The Nomination Committee considers the following criteria in evaluating and selecting candidates for nomination:

 

    Contribution to Board — PDL Community Bancorp endeavors to maintain a Board of Directors that possesses a wide range of abilities. Thus, the Nomination Committee will assess the extent to which the candidate has contributed, or would contribute, to the range of talent, skill and expertise appropriate for the Board of Directors. The Nomination Committee will also take into consideration the number of public company boards of directors, other than PDL Community Bancorp’s, and committees thereof, on which the candidate serves. The Nomination Committee will consider carefully the time commitments of any candidate who would concurrently serve on the board of directors of another public company other than PDL Community Bancorp.

 

    Experience — PDL Community Bancorp is the holding company for an insured depository institution.
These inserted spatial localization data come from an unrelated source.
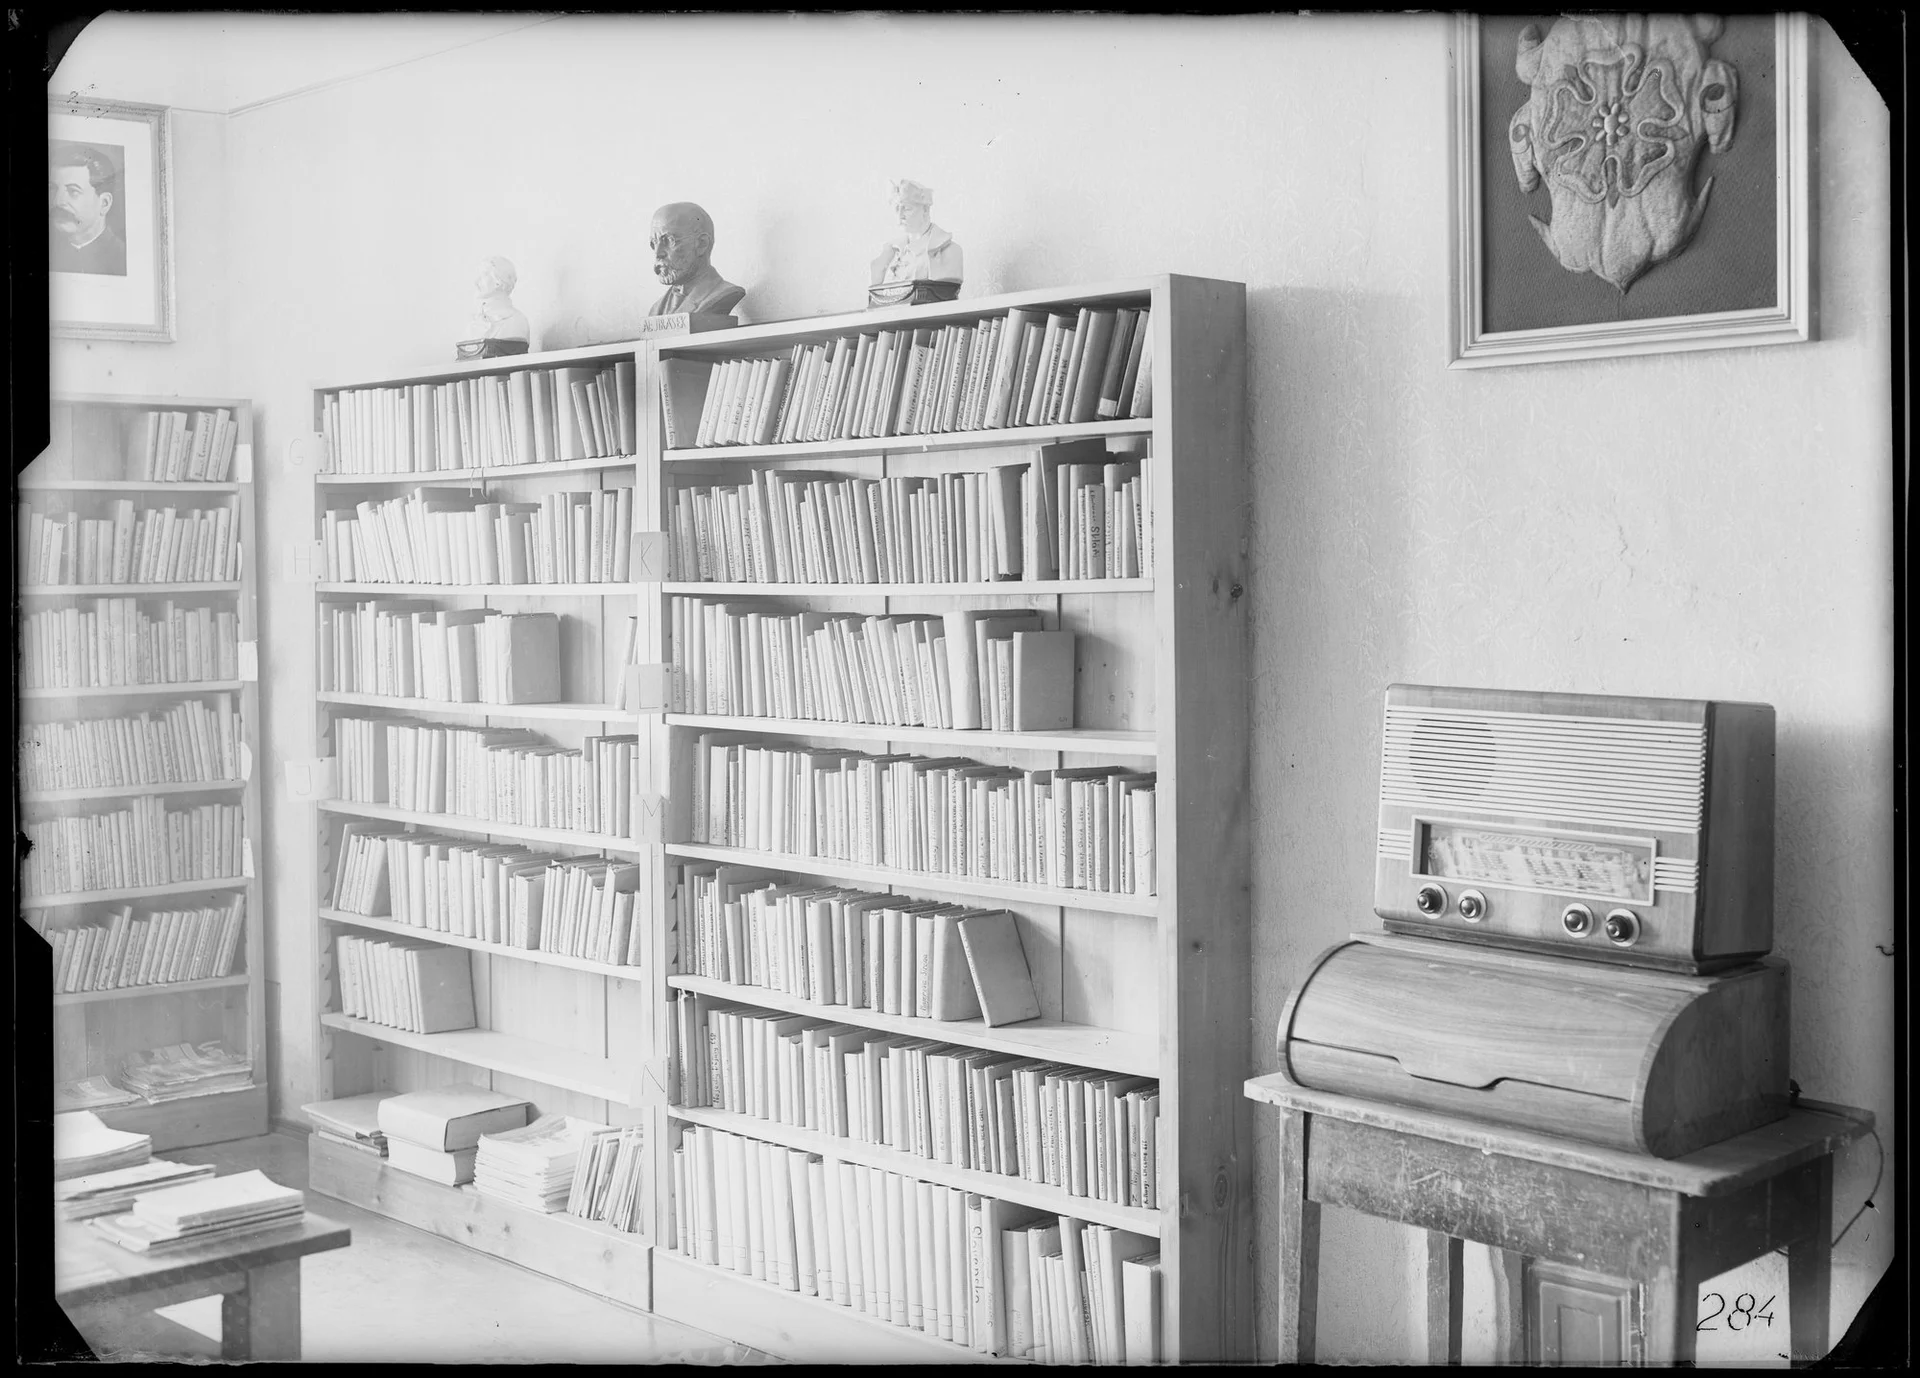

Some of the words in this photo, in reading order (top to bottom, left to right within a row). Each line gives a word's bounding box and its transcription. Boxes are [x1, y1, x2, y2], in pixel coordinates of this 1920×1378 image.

[289, 438, 304, 466] G
[293, 544, 312, 576] H
[640, 539, 653, 577] K
[638, 671, 660, 710] L
[641, 798, 665, 837] M
[641, 1060, 666, 1097] N
[1696, 1292, 1776, 1331] 284
Because of the complex and heavily regulated nature of PDL Community Bancorp’s business, the Nomination Committee will consider a candidate’s relevant financial, regulatory and business experience and skills, including the candidate’s knowledge of the banking and financial services industries, familiarity with the operations of public companies and ability to read and understand fundamental financial statements, as well as real estate and legal experience.

 

    Familiarity with and Participation in Local Community — PDL Community Bancorp is a community-orientated organization that serves the needs of local consumers and businesses. Further, Ponce Bank is designated as a Minority Depository Institution under applicable regulations. In connection with the local character of PDL Community Bancorp’s business, the Nomination Committee will consider a candidate’s familiarity with PDL Community Bancorp’s market area (or a portion thereof), including without limitation the candidate’s contacts with and knowledge of local businesses operating in PDL Community Bancorp’s market area, knowledge of the local real estate markets and real estate professionals, experience with local governments and agencies and political activities, and participation in local business, civic, charitable or religious organizations.

 

   

Integrity — Due to the nature of the financial services provided by PDL Community Bancorp and its subsidiaries, PDL Community Bancorp is in a special position of trust with respect to its customers.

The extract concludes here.